EXERCISE REQUIREMENTS:
All of the entries must be duplicated exactly.
+++
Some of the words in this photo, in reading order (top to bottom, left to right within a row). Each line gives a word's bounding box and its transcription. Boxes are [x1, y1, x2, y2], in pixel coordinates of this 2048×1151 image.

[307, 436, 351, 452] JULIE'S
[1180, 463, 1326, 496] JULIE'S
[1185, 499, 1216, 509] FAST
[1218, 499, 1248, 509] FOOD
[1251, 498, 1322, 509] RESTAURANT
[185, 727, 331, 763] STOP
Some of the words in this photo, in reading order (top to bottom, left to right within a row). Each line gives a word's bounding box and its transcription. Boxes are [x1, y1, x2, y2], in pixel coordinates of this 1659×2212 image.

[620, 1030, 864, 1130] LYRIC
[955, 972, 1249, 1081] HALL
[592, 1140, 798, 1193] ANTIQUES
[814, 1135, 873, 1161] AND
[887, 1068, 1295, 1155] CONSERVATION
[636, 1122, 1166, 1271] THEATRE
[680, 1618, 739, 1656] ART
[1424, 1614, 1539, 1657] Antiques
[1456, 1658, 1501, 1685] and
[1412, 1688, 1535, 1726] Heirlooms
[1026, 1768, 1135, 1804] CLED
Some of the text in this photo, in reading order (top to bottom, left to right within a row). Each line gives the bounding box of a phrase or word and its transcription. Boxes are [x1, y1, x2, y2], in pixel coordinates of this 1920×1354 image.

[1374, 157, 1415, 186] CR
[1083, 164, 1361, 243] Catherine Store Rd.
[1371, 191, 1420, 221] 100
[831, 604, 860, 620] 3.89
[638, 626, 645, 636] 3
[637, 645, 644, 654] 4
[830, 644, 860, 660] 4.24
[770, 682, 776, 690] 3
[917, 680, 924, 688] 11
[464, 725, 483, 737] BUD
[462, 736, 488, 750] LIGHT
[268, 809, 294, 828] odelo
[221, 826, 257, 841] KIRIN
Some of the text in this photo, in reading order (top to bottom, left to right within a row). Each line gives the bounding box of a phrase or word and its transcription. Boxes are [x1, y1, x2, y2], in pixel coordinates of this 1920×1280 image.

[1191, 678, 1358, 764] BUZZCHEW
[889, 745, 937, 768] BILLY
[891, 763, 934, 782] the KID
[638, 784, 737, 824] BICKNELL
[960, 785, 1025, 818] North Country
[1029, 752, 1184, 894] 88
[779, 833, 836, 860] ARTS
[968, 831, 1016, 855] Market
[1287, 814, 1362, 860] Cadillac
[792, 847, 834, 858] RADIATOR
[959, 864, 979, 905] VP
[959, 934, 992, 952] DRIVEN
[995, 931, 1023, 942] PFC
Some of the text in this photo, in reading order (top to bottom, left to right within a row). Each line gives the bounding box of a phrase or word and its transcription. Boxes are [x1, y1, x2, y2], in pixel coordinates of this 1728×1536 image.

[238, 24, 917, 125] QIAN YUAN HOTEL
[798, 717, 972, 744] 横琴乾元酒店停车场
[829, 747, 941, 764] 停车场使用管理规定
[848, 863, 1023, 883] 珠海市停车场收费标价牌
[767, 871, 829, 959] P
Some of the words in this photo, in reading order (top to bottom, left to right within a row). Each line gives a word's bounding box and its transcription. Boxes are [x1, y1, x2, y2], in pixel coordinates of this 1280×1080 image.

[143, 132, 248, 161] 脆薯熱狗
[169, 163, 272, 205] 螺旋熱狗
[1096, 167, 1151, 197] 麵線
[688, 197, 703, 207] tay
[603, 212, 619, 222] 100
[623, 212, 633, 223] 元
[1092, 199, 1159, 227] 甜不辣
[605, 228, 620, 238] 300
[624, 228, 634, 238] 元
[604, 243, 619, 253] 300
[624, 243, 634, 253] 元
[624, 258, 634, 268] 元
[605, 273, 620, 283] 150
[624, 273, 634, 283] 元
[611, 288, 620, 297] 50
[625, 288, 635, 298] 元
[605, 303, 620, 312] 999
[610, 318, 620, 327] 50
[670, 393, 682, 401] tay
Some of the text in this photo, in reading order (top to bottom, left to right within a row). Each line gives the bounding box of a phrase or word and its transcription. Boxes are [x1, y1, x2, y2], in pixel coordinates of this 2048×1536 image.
+++
WRITTEN RESPONSE:
Some of the words in this photo, in reading order (top to bottom, left to right within a row). Each line gives a word's bounding box and its transcription. Boxes are [x1, y1, x2, y2], in pixel coordinates of this 2048×1151 image.

[307, 436, 351, 452] JULIE'S
[1180, 463, 1326, 496] JULIE'S
[1185, 499, 1216, 509] FAST
[1218, 499, 1248, 509] FOOD
[1251, 498, 1322, 509] RESTAURANT
[185, 727, 331, 763] STOP
Some of the words in this photo, in reading order (top to bottom, left to right within a row). Each line gives a word's bounding box and its transcription. Boxes are [x1, y1, x2, y2], in pixel coordinates of this 1659×2212 image.

[620, 1030, 864, 1130] LYRIC
[955, 972, 1249, 1081] HALL
[592, 1140, 798, 1193] ANTIQUES
[814, 1135, 873, 1161] AND
[887, 1068, 1295, 1155] CONSERVATION
[636, 1122, 1166, 1271] THEATRE
[680, 1618, 739, 1656] ART
[1424, 1614, 1539, 1657] Antiques
[1456, 1658, 1501, 1685] and
[1412, 1688, 1535, 1726] Heirlooms
[1026, 1768, 1135, 1804] CLED
Some of the text in this photo, in reading order (top to bottom, left to right within a row). Each line gives the bounding box of a phrase or word and its transcription. Boxes are [x1, y1, x2, y2], in pixel coordinates of this 1920×1354 image.

[1374, 157, 1415, 186] CR
[1083, 164, 1361, 243] Catherine Store Rd.
[1371, 191, 1420, 221] 100
[831, 604, 860, 620] 3.89
[638, 626, 645, 636] 3
[637, 645, 644, 654] 4
[830, 644, 860, 660] 4.24
[770, 682, 776, 690] 3
[917, 680, 924, 688] 11
[464, 725, 483, 737] BUD
[462, 736, 488, 750] LIGHT
[268, 809, 294, 828] odelo
[221, 826, 257, 841] KIRIN
Some of the text in this photo, in reading order (top to bottom, left to right within a row). Each line gives the bounding box of a phrase or word and its transcription. Boxes are [x1, y1, x2, y2], in pixel coordinates of this 1920×1280 image.

[1191, 678, 1358, 764] BUZZCHEW
[889, 745, 937, 768] BILLY
[891, 763, 934, 782] the KID
[638, 784, 737, 824] BICKNELL
[960, 785, 1025, 818] North Country
[1029, 752, 1184, 894] 88
[779, 833, 836, 860] ARTS
[968, 831, 1016, 855] Market
[1287, 814, 1362, 860] Cadillac
[792, 847, 834, 858] RADIATOR
[959, 864, 979, 905] VP
[959, 934, 992, 952] DRIVEN
[995, 931, 1023, 942] PFC
Some of the text in this photo, in reading order (top to bottom, left to right within a row). Each line gives the bounding box of a phrase or word and its transcription. Boxes are [x1, y1, x2, y2], in pixel coordinates of this 1728×1536 image.

[238, 24, 917, 125] QIAN YUAN HOTEL
[798, 717, 972, 744] 横琴乾元酒店停车场
[829, 747, 941, 764] 停车场使用管理规定
[848, 863, 1023, 883] 珠海市停车场收费标价牌
[767, 871, 829, 959] P
Some of the words in this photo, in reading order (top to bottom, left to right within a row). Each line gives a word's bounding box and its transcription. Boxes are [x1, y1, x2, y2], in pixel coordinates of this 1280×1080 image.

[143, 132, 248, 161] 脆薯熱狗
[169, 163, 272, 205] 螺旋熱狗
[1096, 167, 1151, 197] 麵線
[688, 197, 703, 207] tay
[603, 212, 619, 222] 100
[623, 212, 633, 223] 元
[1092, 199, 1159, 227] 甜不辣
[605, 228, 620, 238] 300
[624, 228, 634, 238] 元
[604, 243, 619, 253] 300
[624, 243, 634, 253] 元
[624, 258, 634, 268] 元
[605, 273, 620, 283] 150
[624, 273, 634, 283] 元
[611, 288, 620, 297] 50
[625, 288, 635, 298] 元
[605, 303, 620, 312] 999
[610, 318, 620, 327] 50
[670, 393, 682, 401] tay
Some of the text in this photo, in reading order (top to bottom, left to right within a row). Each line gives the bounding box of a phrase or word and its transcription. Boxes are [x1, y1, x2, y2], in pixel coordinates of this 2048×1536 image.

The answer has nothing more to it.